DATA UNDER STUDY: Begin

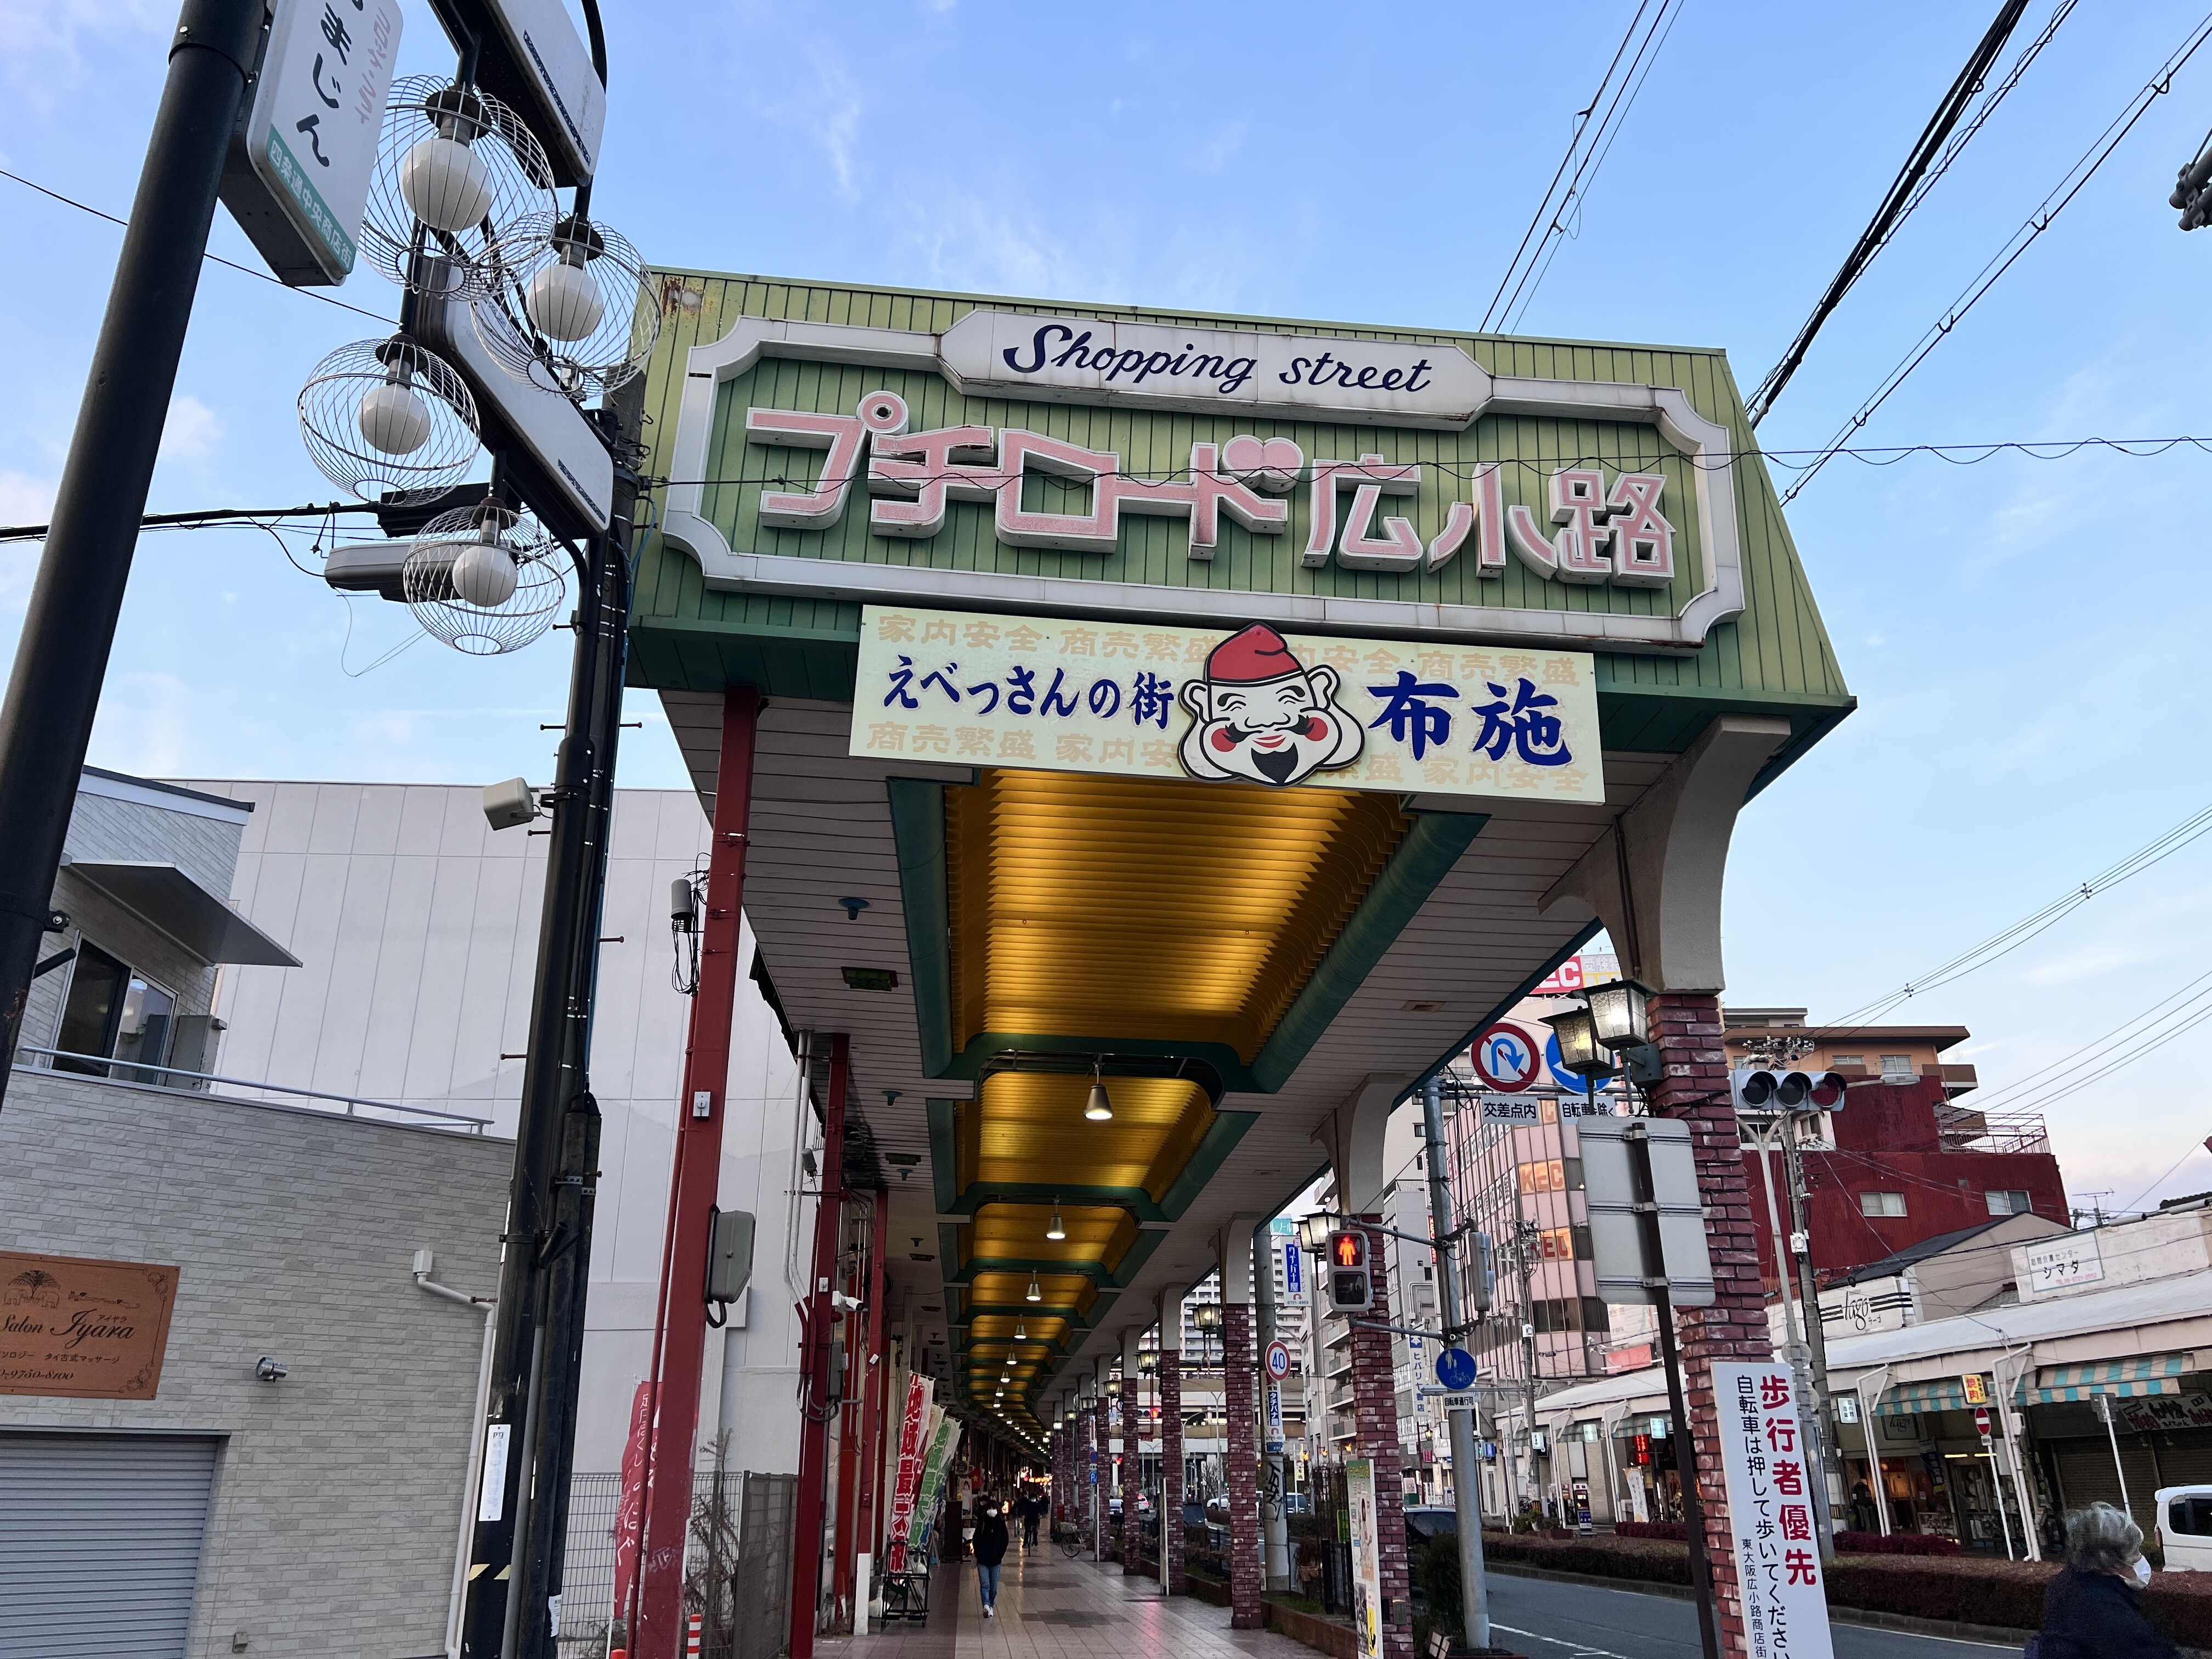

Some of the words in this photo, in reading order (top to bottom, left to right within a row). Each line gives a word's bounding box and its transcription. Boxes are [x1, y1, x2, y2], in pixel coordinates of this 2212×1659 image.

[296, 0, 363, 167] まじん
[270, 139, 352, 268] 四条通中央商店街
[1003, 323, 1257, 394] Shopping
[1278, 351, 1432, 393] street
[877, 614, 1043, 653] 家内安全
[1059, 627, 1219, 663] 商売繁盛
[1418, 650, 1581, 687] 商売繁盛
[883, 654, 1175, 730] えべっさんの街
[1366, 670, 1573, 766] 布施
[865, 720, 1037, 760] 商売繁盛
[1423, 757, 1590, 792] 家内安全
[1483, 1102, 1537, 1119] 交差点内
[1521, 1163, 1564, 1193] KEC
[0, 1314, 43, 1334] Salon
[0, 1350, 35, 1359] ソロジー
[44, 1352, 121, 1364] タイ古式マッサージ
[1272, 1352, 1285, 1370] 40
[1966, 1378, 1979, 1400] 焼肉
[1444, 1396, 1474, 1406] 自転車通行可
[1759, 1374, 1818, 1585] 歩行者優先
[1741, 1538, 1768, 1658] 東大阪広小路商店街

DATA UNDER STUDY: End

EXERCISE INSTRUCTIONS: Repeat the data above exactly, images excluded.

EXERCISE SOLUTION:
Some of the words in this photo, in reading order (top to bottom, left to right within a row). Each line gives a word's bounding box and its transcription. Boxes are [x1, y1, x2, y2], in pixel coordinates of this 2212×1659 image.

[296, 0, 363, 167] まじん
[270, 139, 352, 268] 四条通中央商店街
[1003, 323, 1257, 394] Shopping
[1278, 351, 1432, 393] street
[877, 614, 1043, 653] 家内安全
[1059, 627, 1219, 663] 商売繁盛
[1418, 650, 1581, 687] 商売繁盛
[883, 654, 1175, 730] えべっさんの街
[1366, 670, 1573, 766] 布施
[865, 720, 1037, 760] 商売繁盛
[1423, 757, 1590, 792] 家内安全
[1483, 1102, 1537, 1119] 交差点内
[1521, 1163, 1564, 1193] KEC
[0, 1314, 43, 1334] Salon
[0, 1350, 35, 1359] ソロジー
[44, 1352, 121, 1364] タイ古式マッサージ
[1272, 1352, 1285, 1370] 40
[1966, 1378, 1979, 1400] 焼肉
[1444, 1396, 1474, 1406] 自転車通行可
[1759, 1374, 1818, 1585] 歩行者優先
[1741, 1538, 1768, 1658] 東大阪広小路商店街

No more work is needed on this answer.